Directions for this task. What you return must match the records word for word, except that pictures are dropped.
== Segment start ==
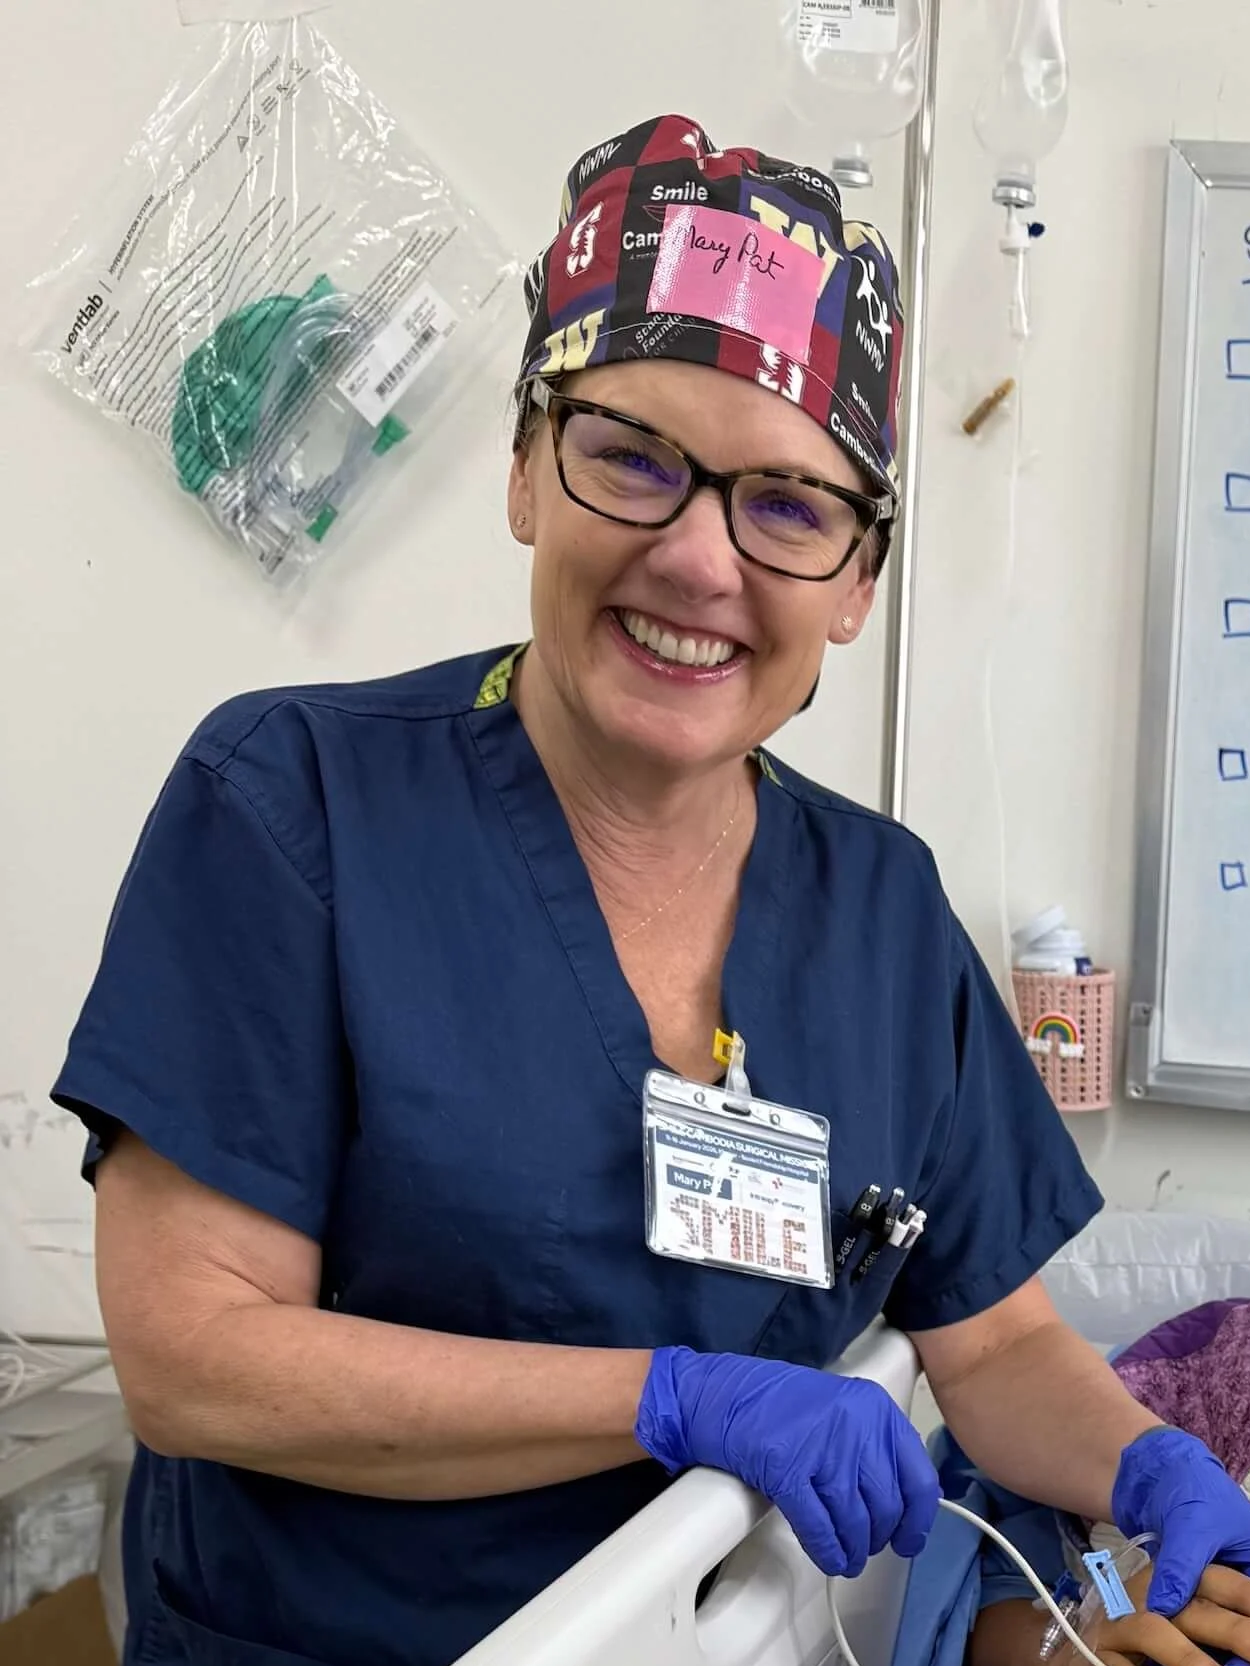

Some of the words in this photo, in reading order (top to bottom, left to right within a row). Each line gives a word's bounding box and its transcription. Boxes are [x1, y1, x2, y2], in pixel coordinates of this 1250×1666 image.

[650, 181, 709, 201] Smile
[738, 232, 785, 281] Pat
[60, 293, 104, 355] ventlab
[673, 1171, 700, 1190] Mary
== Segment end ==
Output for this exercise.
Some of the words in this photo, in reading order (top to bottom, left to right within a row). Each line gives a word's bounding box and its transcription. Boxes are [x1, y1, x2, y2], in pixel coordinates of this 1250×1666 image.

[650, 181, 709, 201] Smile
[738, 232, 785, 281] Pat
[60, 293, 104, 355] ventlab
[673, 1171, 700, 1190] Mary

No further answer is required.